Hey there! This is a really pretty description piece. I haven't really heard of a horse and rider dancing, and now I want to go see that.

I love the repetition of "We do not ride. We dance." It's really lyrical and makes it sound pretty.

I love your description. A few points to make it better:

1. You focus on the narrator a bit much. This is only natural, but try to describe other things than the narrator's actions. Perhaps describe the way Ruby's hoofs kick up dust, or the sound of the crowd cheering or in hushed silence. Paint a clearer picture for us that extends beyond just the narrator.

2.

The horse is an Arabian. She is a chestnut of the reddest red and her name is Crown Jewel but I call her Ruby. She is just as lithe and smooth as I am.
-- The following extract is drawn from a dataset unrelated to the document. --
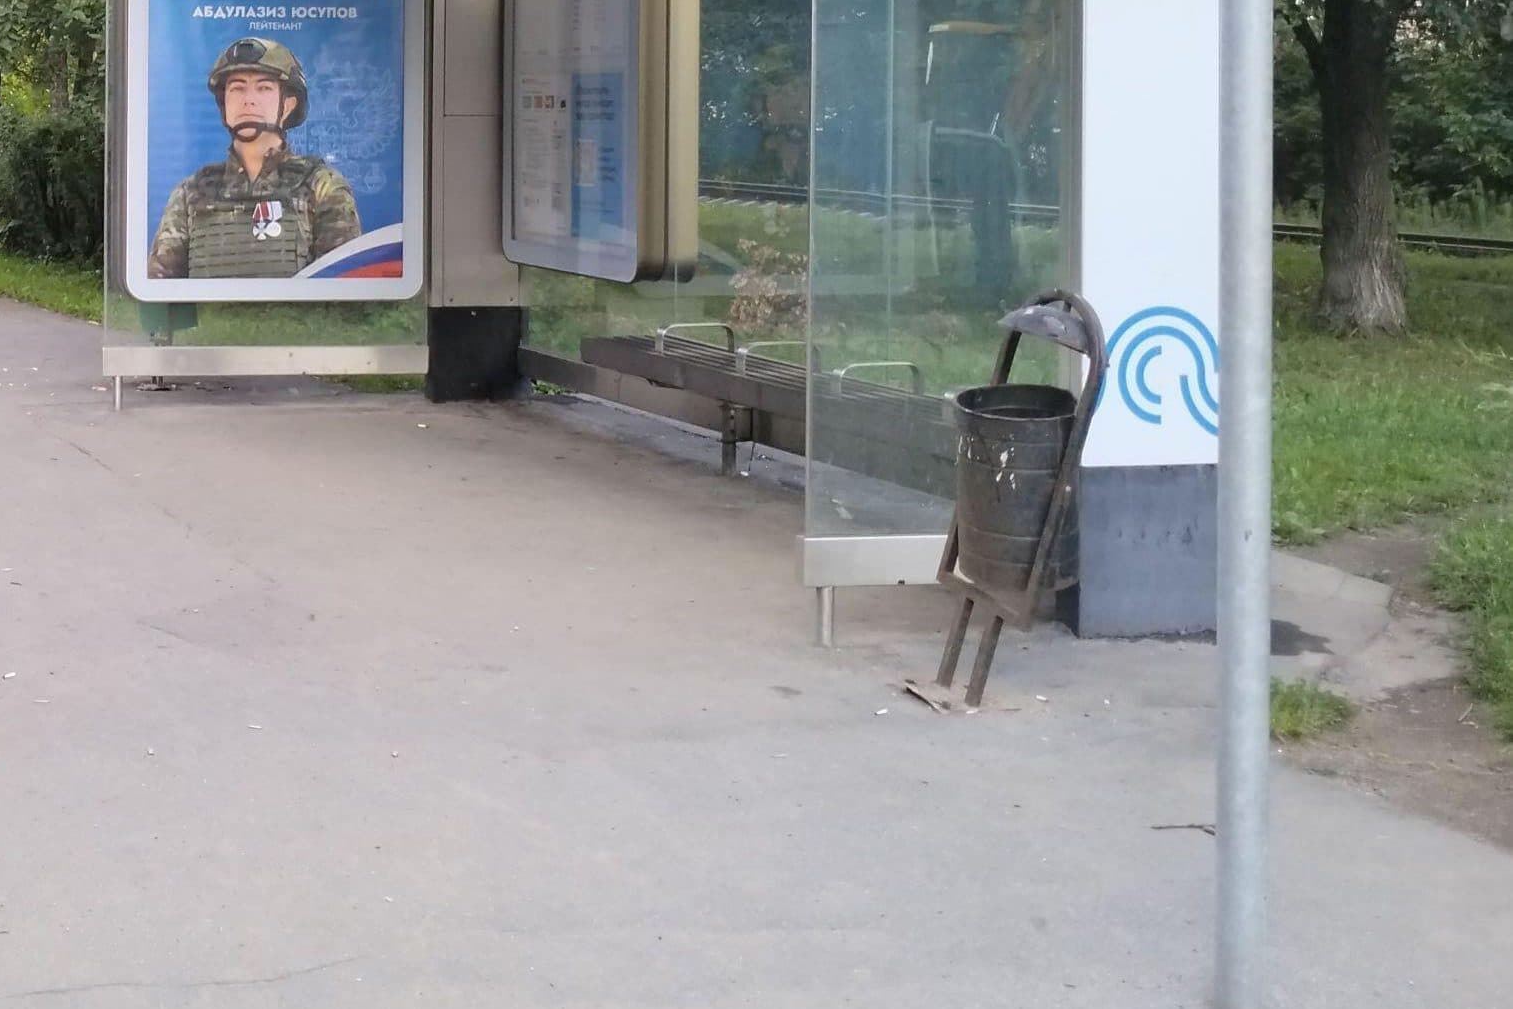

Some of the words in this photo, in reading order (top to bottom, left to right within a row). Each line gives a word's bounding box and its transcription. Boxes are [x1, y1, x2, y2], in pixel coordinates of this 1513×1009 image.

This is far too passive. Don't tell us that she is an Arabian, show us how her Arabian heritage shows through her long, slender legs and graceful neck. Show how the sunlight glints off her red coat. If you have to, leave the naming how it is, but try to slip it into a sentence somewhere instead.


3. You have a lot of typos, mostly related to commas. I'm going to go through a few of them and fix them for you. Fixes are bolded.

With my eyes closed and the music playing, I am taken to a new world away from Earth. I do not ride, I dance, and yet here I am standing beside a horse about to perform for thousands.


She looks beautiful with the light hitting her coat, causing it to glow a vibrant red. The fifth time she passes me, I skip and jump and run beside her.


There are several more similar ones. Make sure you catch them all.

Finally, I'd recommend varying the length of your paragraphs. Right now they're all about the same length, and it would help if you broke up the narrator's actions a bit more.

Good luck and keep writing!





Work expands to fill the time available for its completion.